Viciados de Nulidad

Las Palabras

Vikinga está harta de discursos. Cansada de palabrerío. Haaarta de bla bla blá. A ver, ¿cómo te lo explico? andá llevando.

“Requiere  menos esfuerzo intelectual el condenar que el pensar”

                                                                             Emma Goldman.

Embotan y aturden las palabras

Las que adornan frases de esxs que largan diamantes cada vez que enuncian y anuncian algo, como si desde ahí pudieran reafirmar la fragilidad que hay atrás y por debajo.

No hay nada que mostrar, nada que explicar, nada que no esté dicho.

No creo que exista mayor mentira que una palabra que jamás puede nombrar ni abarcar lo que pretende describir.

Nada.

Las palabras solo sirven para nombrar lo que no puede ser nombrado.

No abarcan nunca lo que significan.

“Poner en palabras”:  años estudiando esto, proceso secundario, simbolización, los símbolos y bla bla bla.

Una gran ilusión, nos comemos el cuento con eso.

Nada.

¿Quién puede decir con palabras todo lo que está siendo, sintiendo, haciendo?.

¿Quién puede describir lo que va viendo?.

¿Quién afirma lo que es?.

(Aunque es bueno aclarar que las palabras también calman cuando pueden decirse y generan síntomas y malestares si quedan obturadas sin decirse o sin minimamente poder contar/se).
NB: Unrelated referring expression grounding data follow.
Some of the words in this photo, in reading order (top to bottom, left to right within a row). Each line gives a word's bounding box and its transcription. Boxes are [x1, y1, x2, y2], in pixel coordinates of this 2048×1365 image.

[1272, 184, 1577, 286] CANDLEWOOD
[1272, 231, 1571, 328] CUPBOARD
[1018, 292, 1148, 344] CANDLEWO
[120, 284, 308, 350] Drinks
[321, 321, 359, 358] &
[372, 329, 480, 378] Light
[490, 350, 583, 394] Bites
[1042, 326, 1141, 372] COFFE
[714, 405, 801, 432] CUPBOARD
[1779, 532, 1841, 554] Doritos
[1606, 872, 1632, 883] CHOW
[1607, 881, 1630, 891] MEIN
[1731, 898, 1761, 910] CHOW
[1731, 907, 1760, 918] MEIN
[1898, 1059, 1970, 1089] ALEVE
Los discursos, el nombrar, el teorizar calman angustias, furias, barren inseguridades e incertezas y tienen más poder sedativo a veces que un clonazepan. Además los discursos, palabras y relatos construyen realidad y mundo dice un capo.

El buscar respuestas porque no sabés y sabiendo a su vez que cada vez vas a saber menos es una herida narcisista que pocxs toleran.

Porque en esto la pretendida omnipotencia de las palabras es la mayor derrota.

Porque lo que importa con todo esto en el acto de comunicar es su naturaleza fallada.

Al fin y al cabo vale ser una dadaísta del decir.

Vale desconfiar de las palabras.

Vale sentirse lejana de los discursos.

Vale (y siempre vale) mirar y pensar la acciones que van antes, entre o después de esos discursos de palabras.

Porque

Escucho palabras y declaraciones de amor dichas por obturadxs en la capacidad de llevar a la práctica ese sentir.

Se llenan la boca con libertad otres que aprisionan a quienes tienen cerca para calmarse en sus inseguridades y fragilidades.

Son presxs del amor y carcelerxs  y no ponderan ni accionan en el poder emancipador y liberador que supone amar.

Teorizan sobre el poder, te recitan a Foucault y no tienen manera de luchar contra el poder que ellxs mismxs sin reconocer reproducen y en el que se apoyan.

Explican bellamente la empatía y la andan exigiendo y se les leyó defendiendo a abusadores y culpabilizando a víctimas y denunciantes.

Así que también son cómplices de opresiones e injusticias.

Hablan de solidaridad, ollas populares, esto y aquello y dejan gente próxima tirada y en soledades de manos y abrazos a otres carentes cuando no les ve nadie porque no tienen tribuna que les vea en ese hace ni palcos para los discursos.

Blasfeman contra el bozal pero hablan más fuerte que el resto para imponer su voz y sus fulminantes palabras y le ponen bozales a otres.

Odian a la policía pero andan buchoneando como chusmas conductas ajenas que no cuajan con sus libritos.

No creen en la justicia pero son jueces de esas injusticias.

Pensar.

Pensar que desde el político comodamente sentado, el informativista con cara de poker frente a la cámara, quien te atiende desde atrás de un mostrador con rostro de simpatía, quien va sentadx al lado tuyo en el bondi, el profe de la clase por zoom, el compañere del sindicato o la facultad, el showman de la banda de rock, quien duerme contigo, la médica que te quiere diagnosticar por videollamada  y yo acá -todes- tenemos discursos y acciones.

Pensar siempre y ver (no solo mirar).

Pensar, haciendo honor a la Goldman que tan cerca o lejos estamos de las palabras y las condenas, de las palabras y las conductas.

Porque la mayor condena es que más allá de la representación no se puede huir.

Y impunidad no la pueden tener las palabras que no van en concordancia con las acciones.

Ya lo dijo Evaristo Páramos: a lxs fachx los ves venir, a lxs maderos los ves venir” y yo te digo al compañere, al militante, al ultra, al izquierdoso le ves venir en la mierda de las palabras??.